## What the exercise asks
Print the entries exactly as they appear, and omit any images.

┏━━

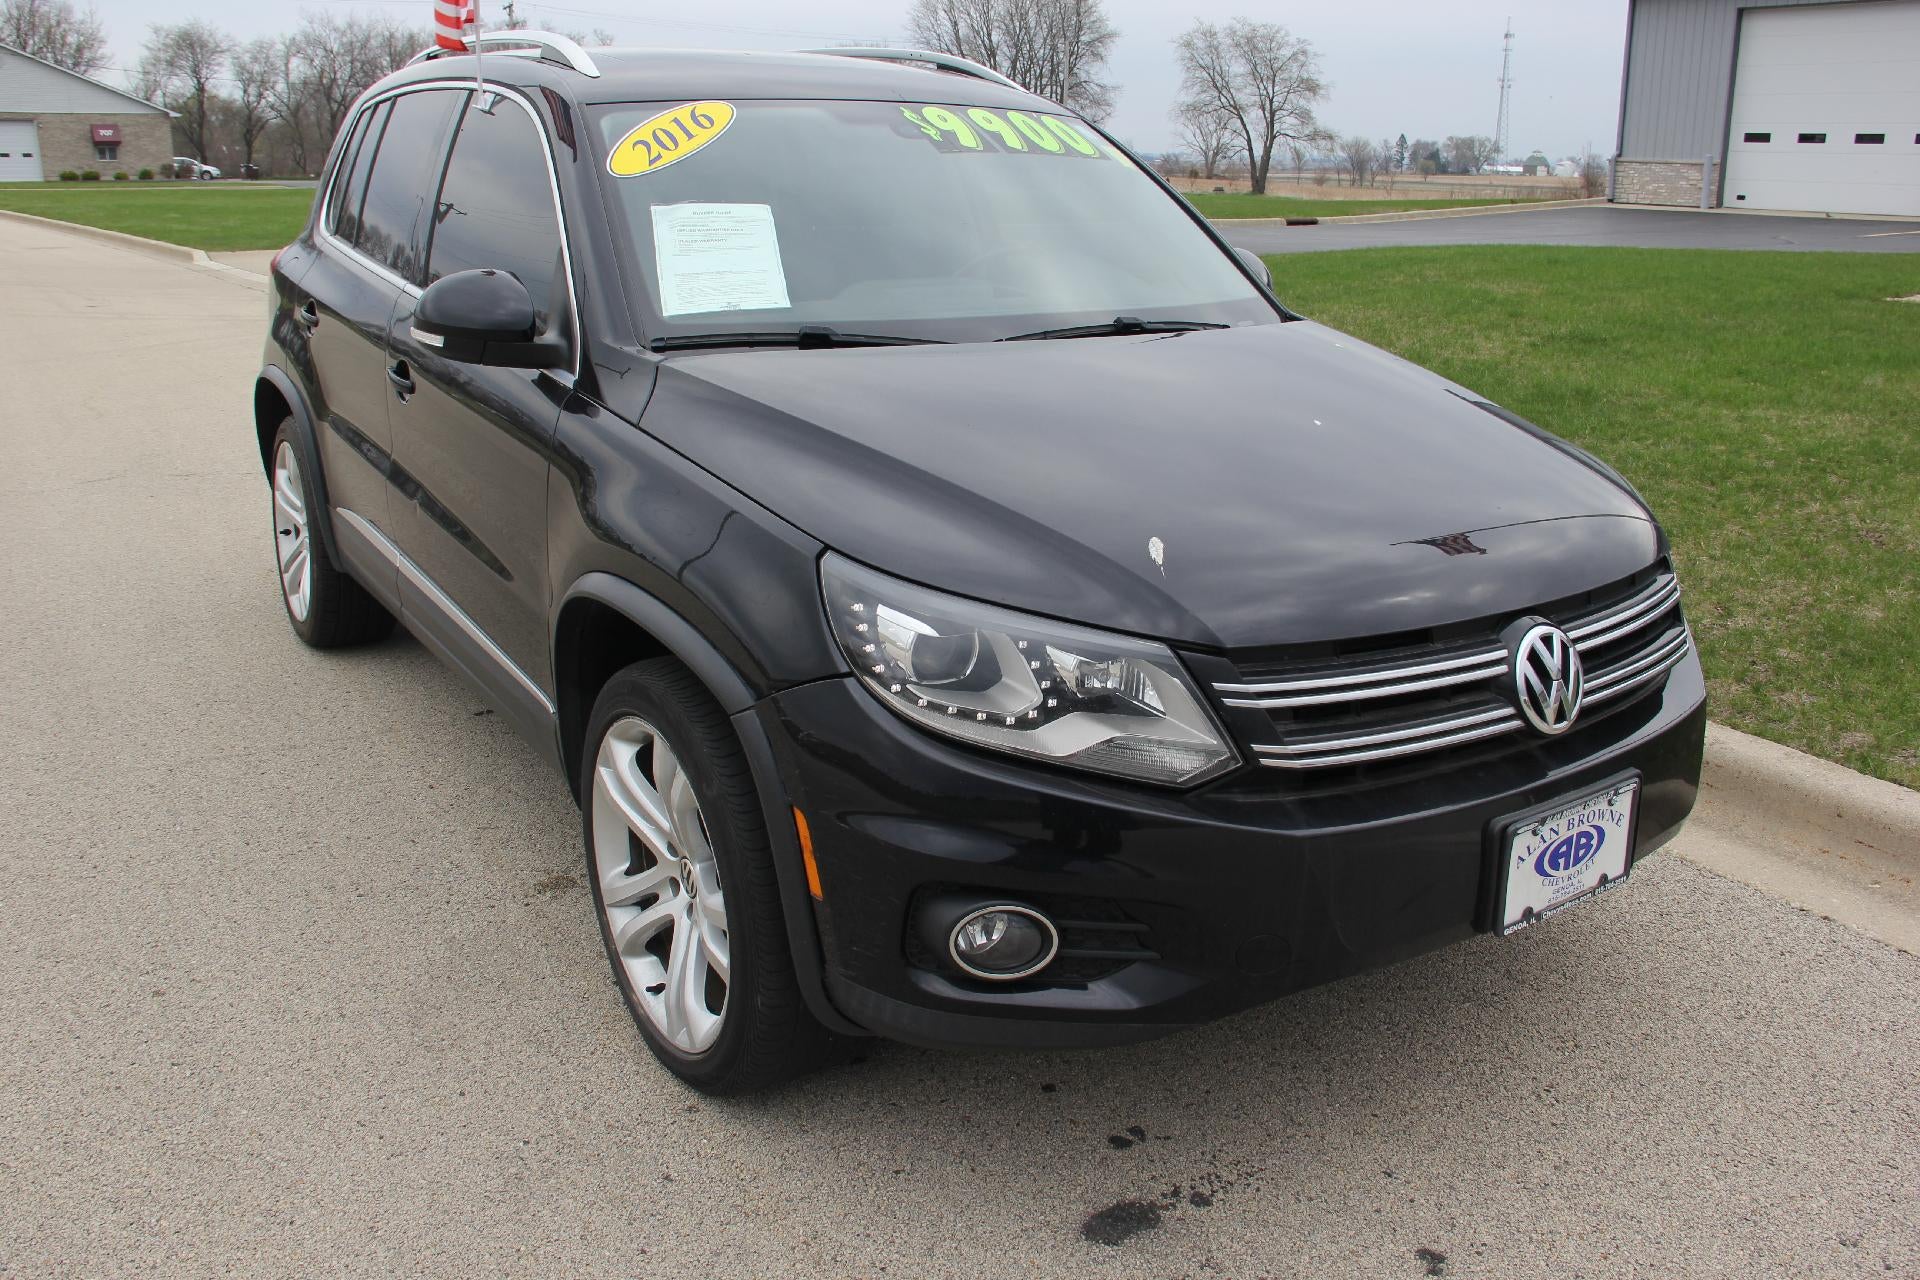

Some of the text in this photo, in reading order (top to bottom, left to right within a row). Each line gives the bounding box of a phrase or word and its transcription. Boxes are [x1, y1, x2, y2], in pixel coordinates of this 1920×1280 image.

[632, 106, 715, 166] 2016
[900, 106, 1099, 158] $9900
[1516, 824, 1561, 870] ALAN
[1566, 808, 1625, 829] BROWNE
[1547, 830, 1595, 872] AB
[1541, 858, 1596, 888] CHEVROLET
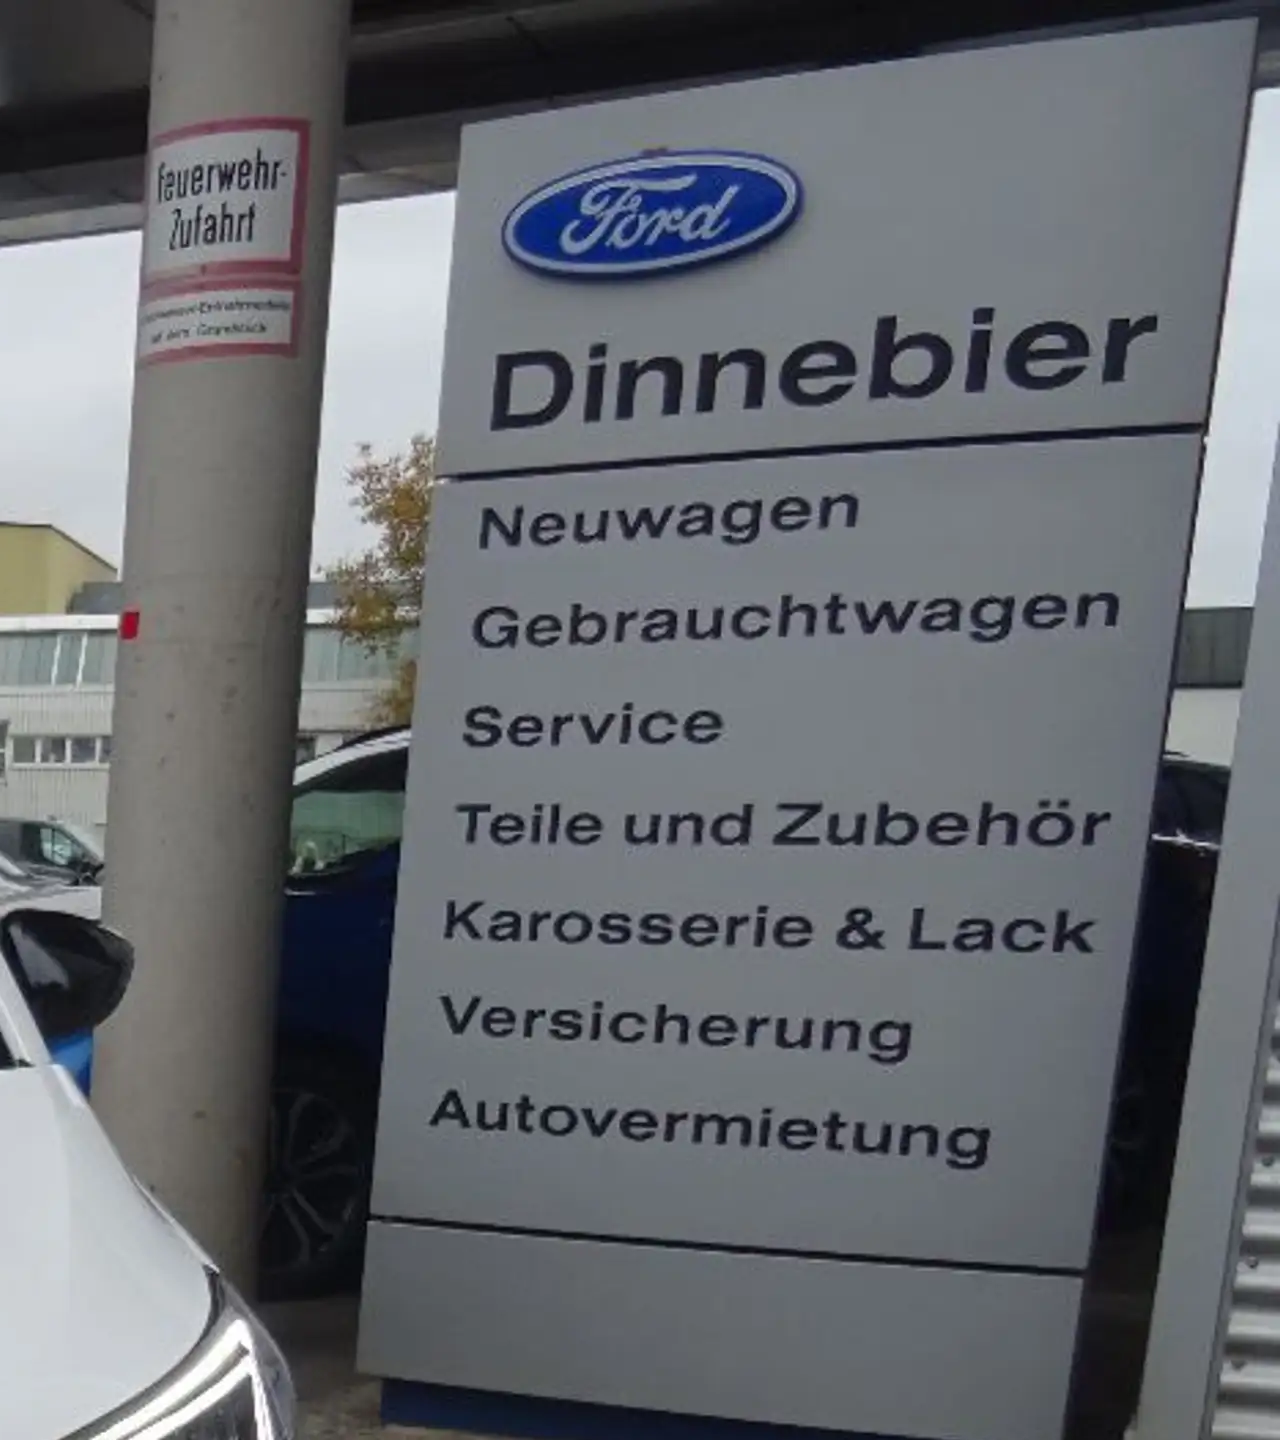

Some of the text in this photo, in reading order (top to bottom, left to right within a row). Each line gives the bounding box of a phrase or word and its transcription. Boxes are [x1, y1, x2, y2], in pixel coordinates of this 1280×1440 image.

┗━━

## Response to the exercise
Some of the text in this photo, in reading order (top to bottom, left to right within a row). Each line gives the bounding box of a phrase or word and its transcription. Boxes are [x1, y1, x2, y2], in pixel coordinates of this 1920×1280 image.

[632, 106, 715, 166] 2016
[900, 106, 1099, 158] $9900
[1516, 824, 1561, 870] ALAN
[1566, 808, 1625, 829] BROWNE
[1547, 830, 1595, 872] AB
[1541, 858, 1596, 888] CHEVROLET

Some of the text in this photo, in reading order (top to bottom, left to right within a row). Each line gives the bounding box of a phrase or word and its transcription. Boxes are [x1, y1, x2, y2], in pixel coordinates of this 1280×1440 image.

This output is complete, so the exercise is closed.